_TRY IT_
Reproduce the records that follow exactly; any picture among them stays out.
┌─ EXERCISE INPUT
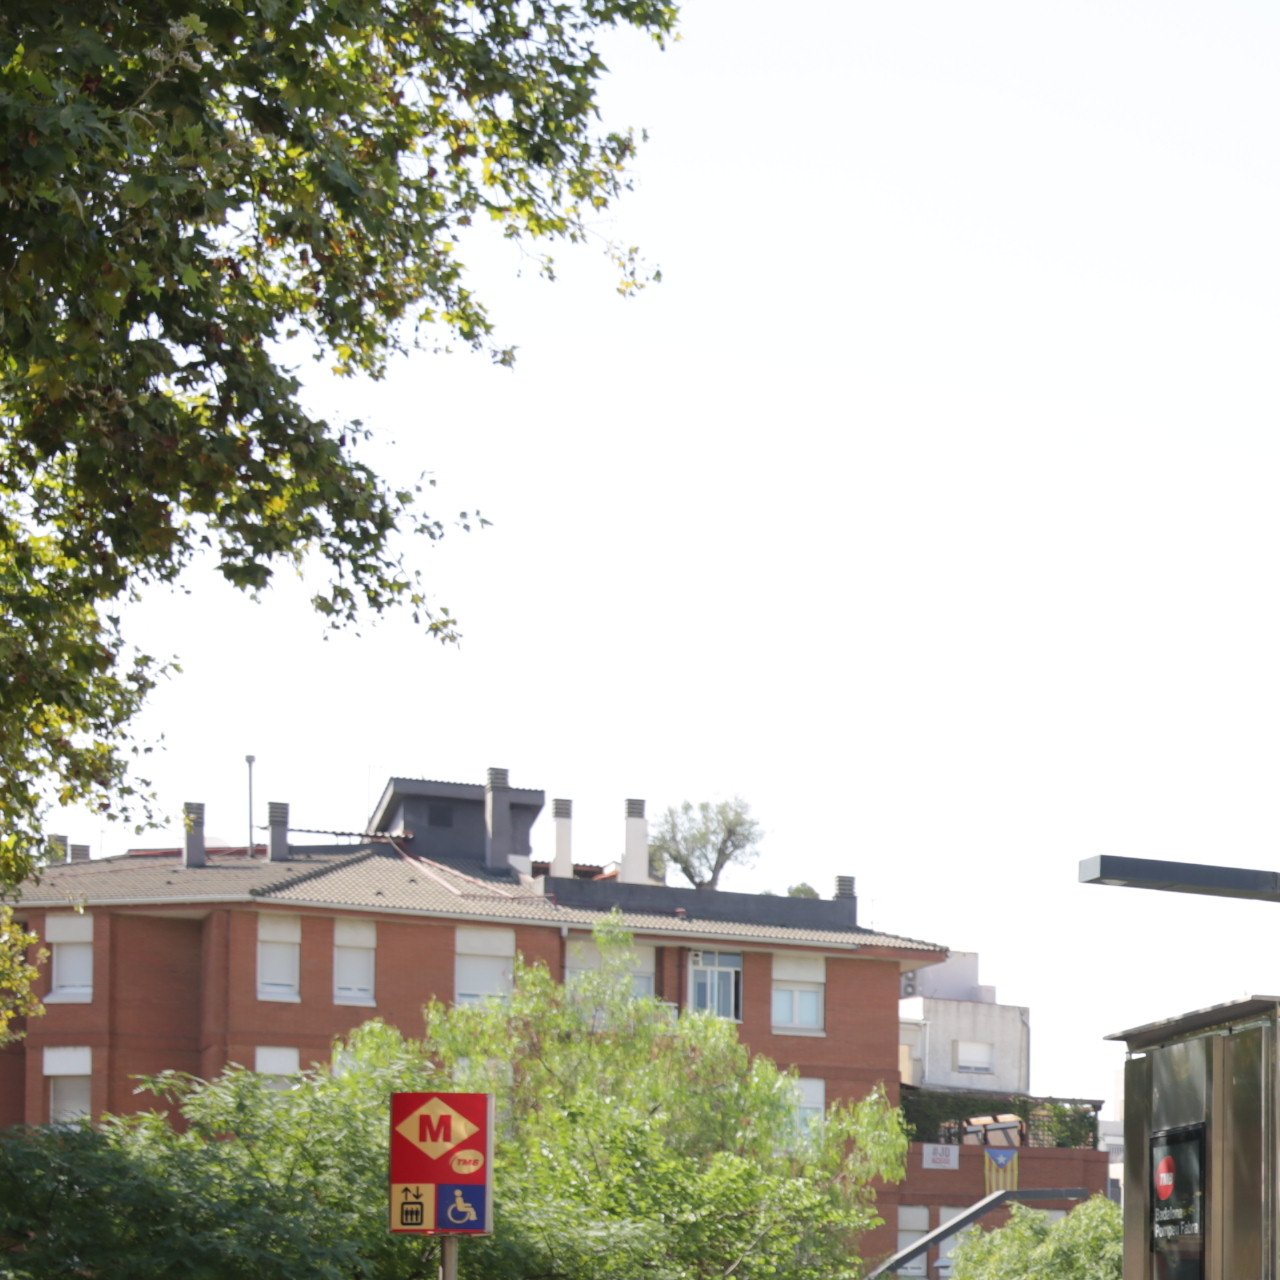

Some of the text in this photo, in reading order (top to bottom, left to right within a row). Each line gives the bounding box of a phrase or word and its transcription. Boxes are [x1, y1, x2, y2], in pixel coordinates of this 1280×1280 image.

[419, 1113, 453, 1143] M
[457, 1158, 480, 1167] TMB
[1154, 1224, 1179, 1239] Pompeu
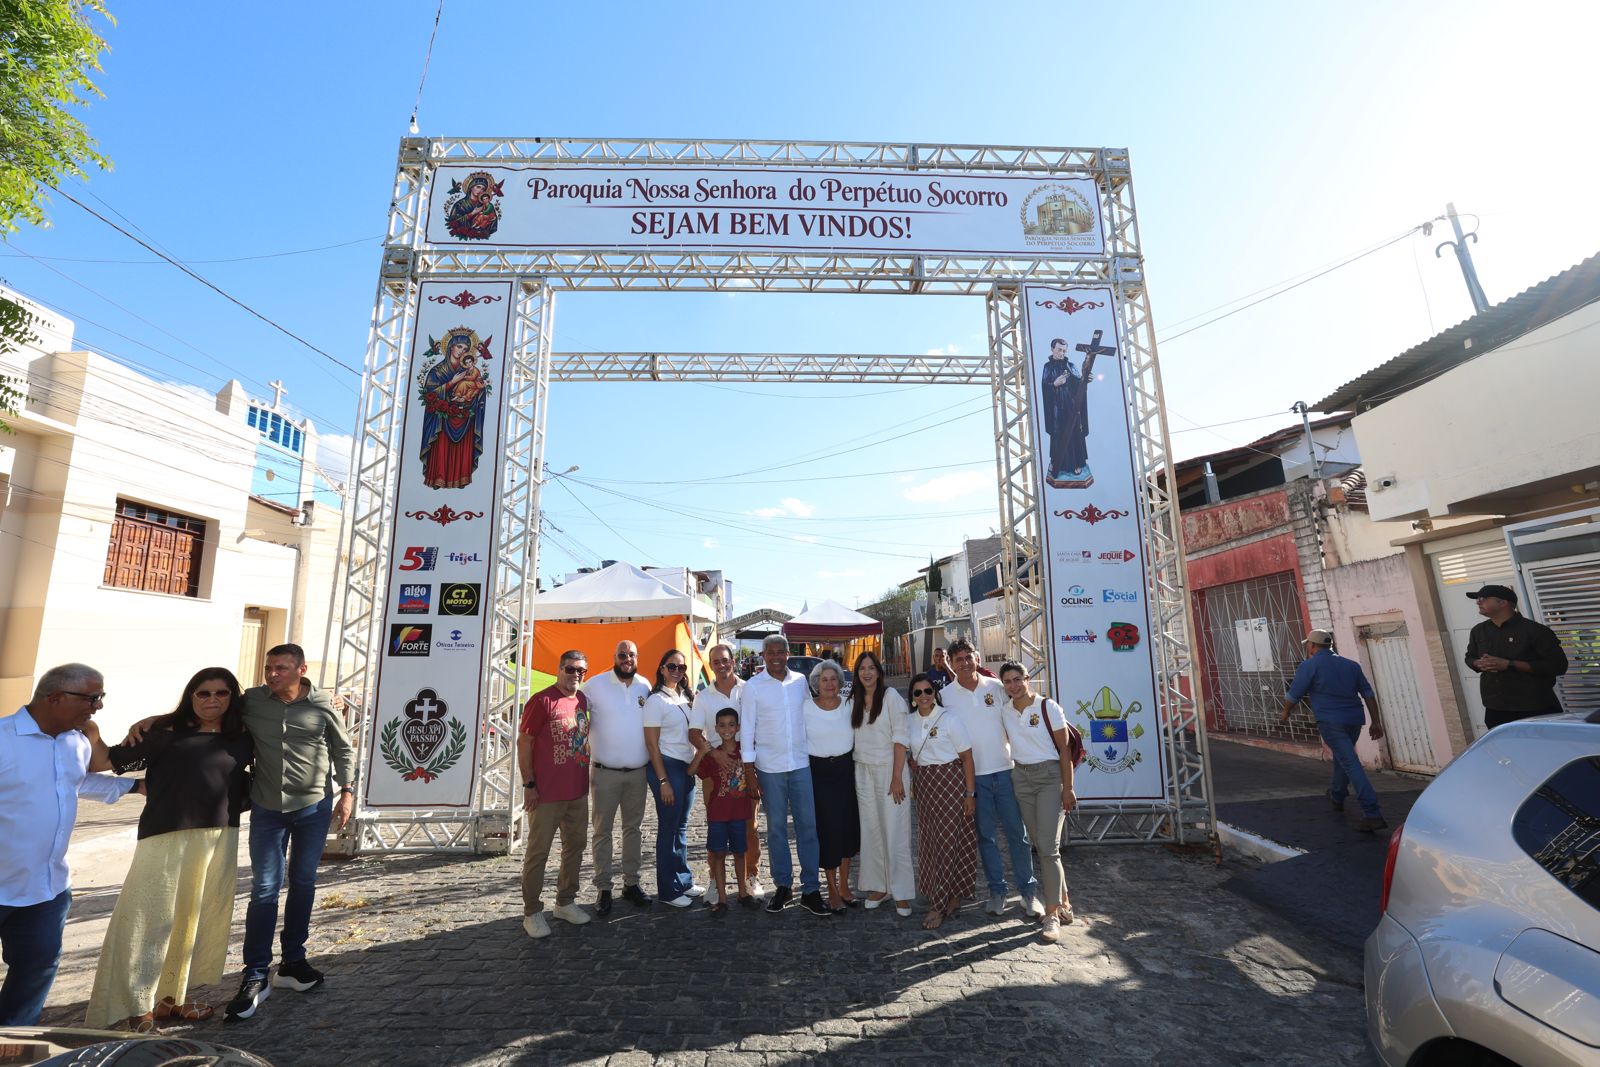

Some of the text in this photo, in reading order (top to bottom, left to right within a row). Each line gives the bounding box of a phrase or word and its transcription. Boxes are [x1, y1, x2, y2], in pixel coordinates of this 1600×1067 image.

[527, 177, 1008, 208] Paroquia Nossa Senhora do Perpétuo Socorro
[631, 212, 912, 240] SEJAM BEM VINDOS!
[1097, 550, 1123, 560] JEQUIÉ
[404, 585, 427, 598] algo
[451, 589, 468, 598] CT
[1061, 597, 1094, 605] OCLINIC
[401, 642, 429, 651] FORTE
[407, 725, 428, 734] JESU
[410, 734, 438, 742] PASSIO
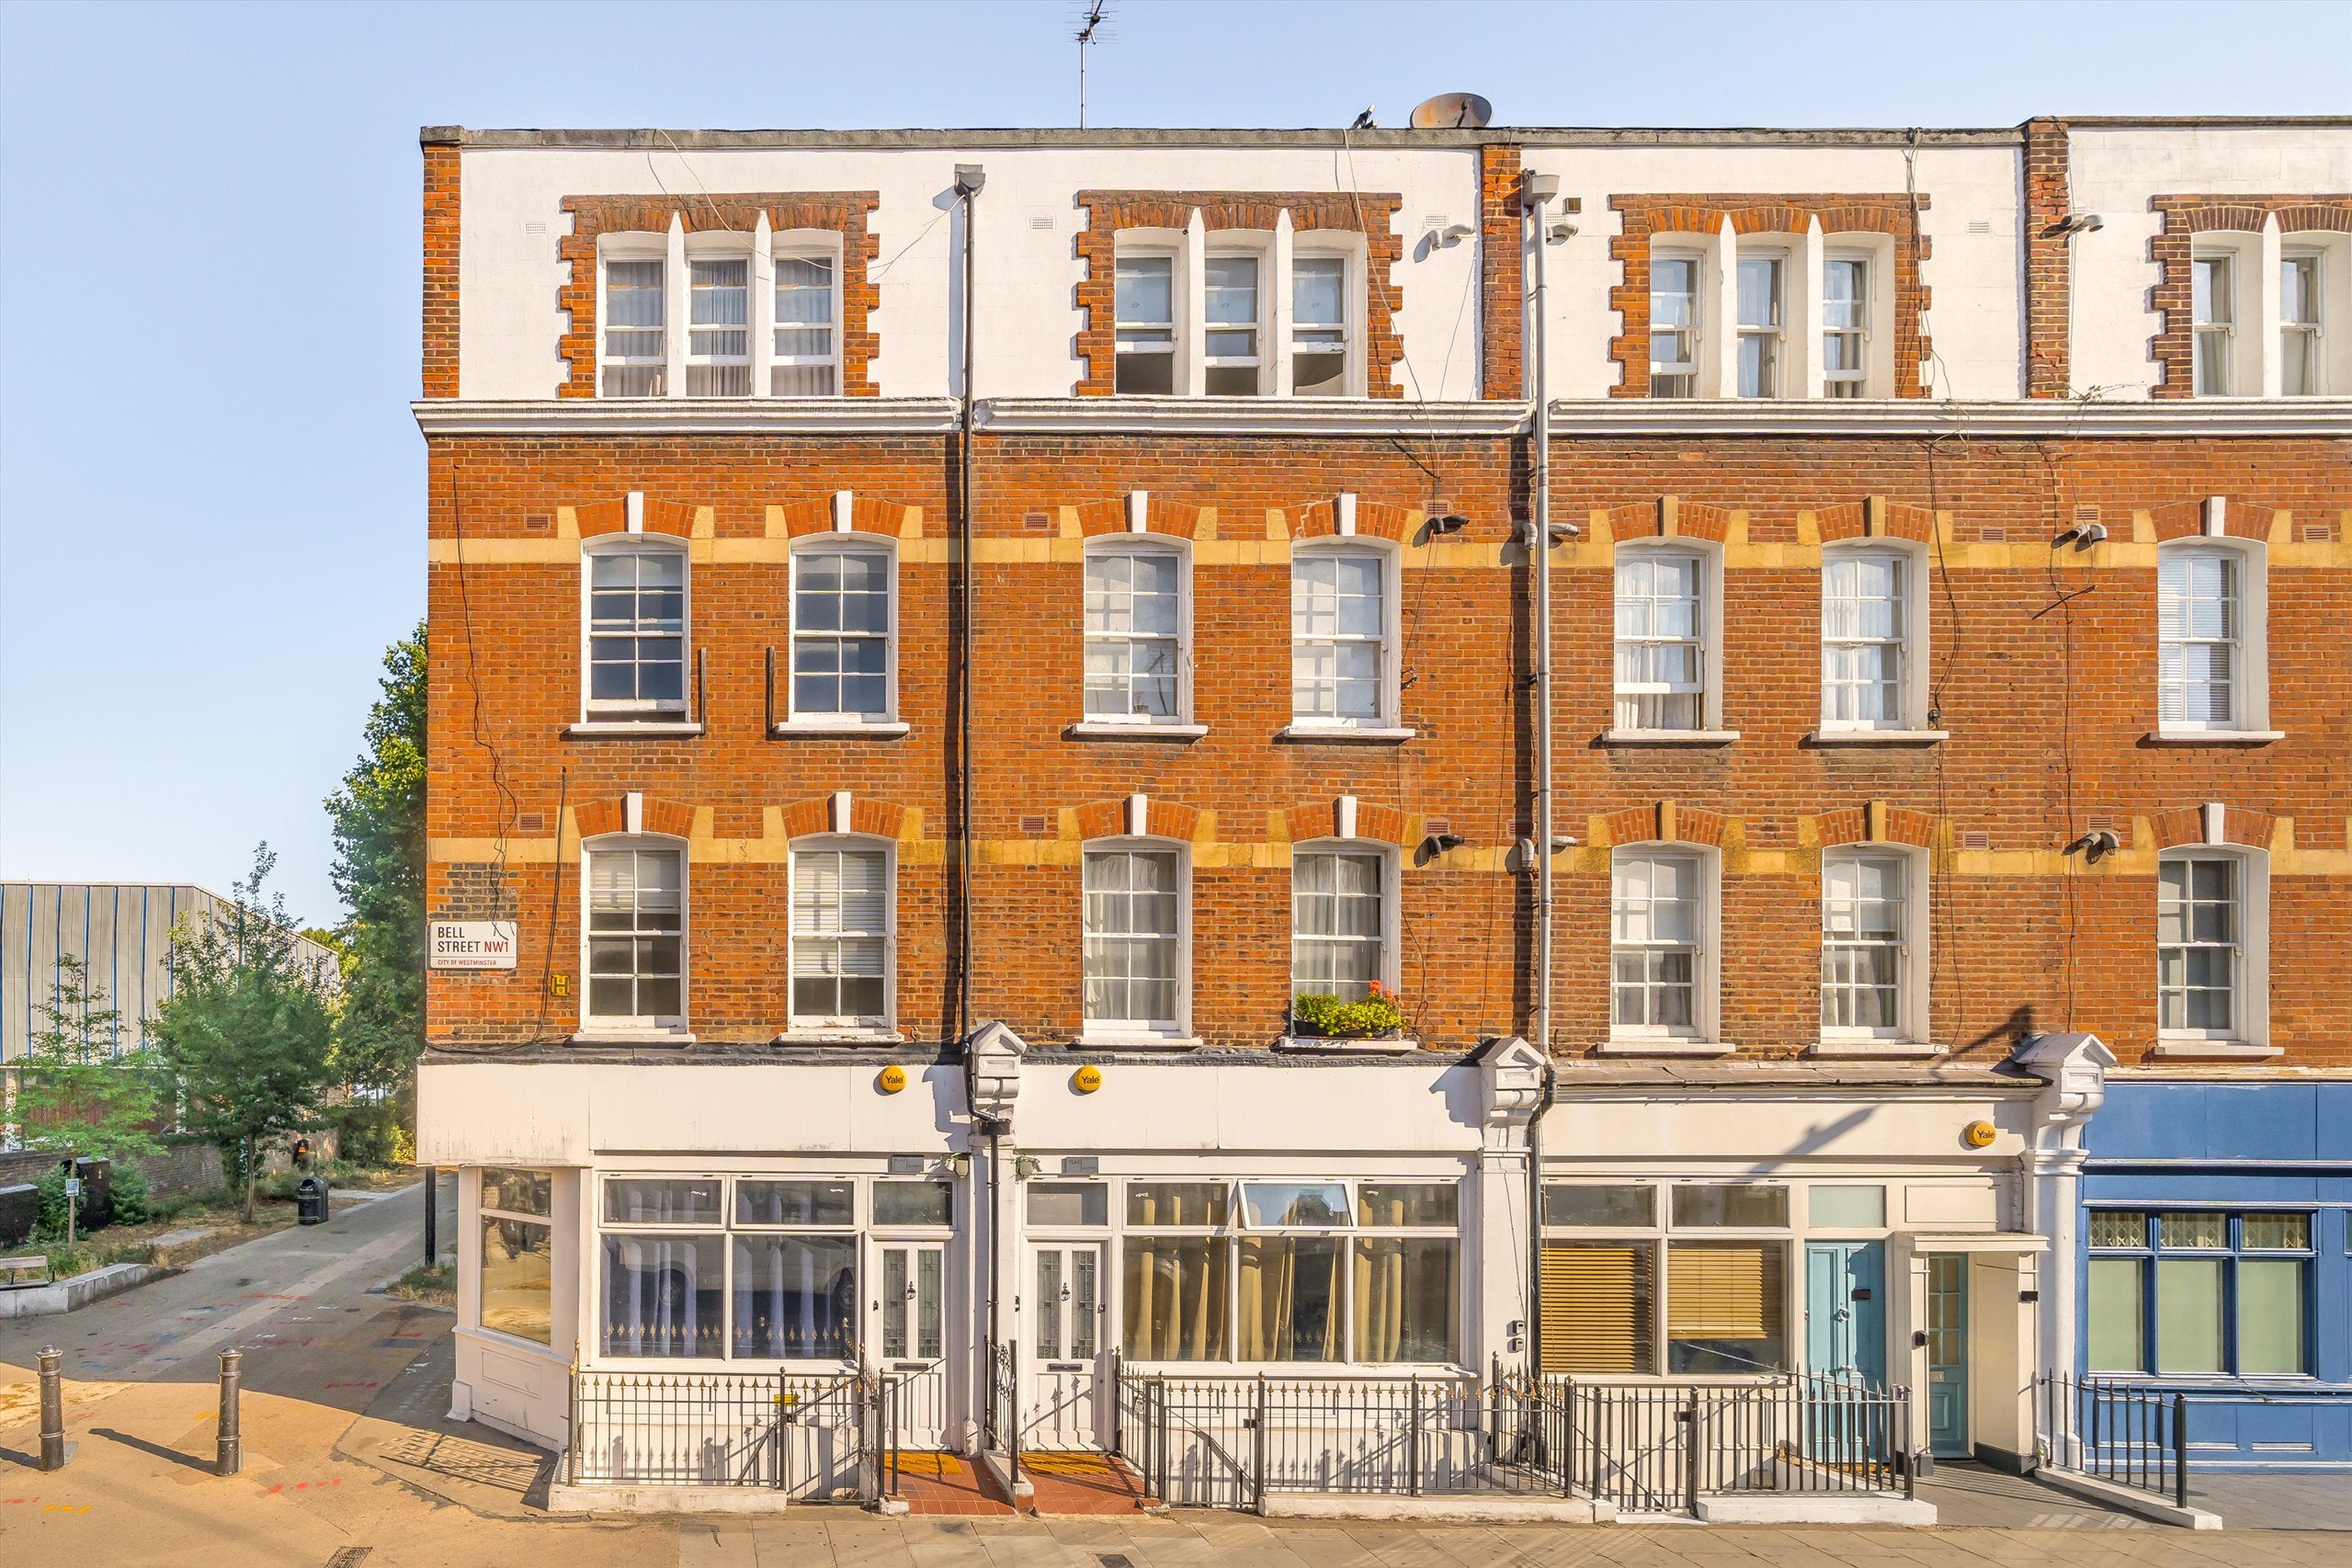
└─
_ANSWER SPACE_
Some of the text in this photo, in reading order (top to bottom, left to right within a row). Each line gives the bounding box of a phrase or word and its transcription. Boxes are [x1, y1, x2, y2], in pixel coordinates of this 1280×1280 image.

[419, 1113, 453, 1143] M
[457, 1158, 480, 1167] TMB
[1154, 1224, 1179, 1239] Pompeu

Some of the text in this photo, in reading order (top to bottom, left to right within a row). Each line gives the bounding box of a phrase or word and its transcription. Boxes are [x1, y1, x2, y2], in pixel coordinates of this 1600×1067 image.

[527, 177, 1008, 208] Paroquia Nossa Senhora do Perpétuo Socorro
[631, 212, 912, 240] SEJAM BEM VINDOS!
[1097, 550, 1123, 560] JEQUIÉ
[404, 585, 427, 598] algo
[451, 589, 468, 598] CT
[1061, 597, 1094, 605] OCLINIC
[401, 642, 429, 651] FORTE
[407, 725, 428, 734] JESU
[410, 734, 438, 742] PASSIO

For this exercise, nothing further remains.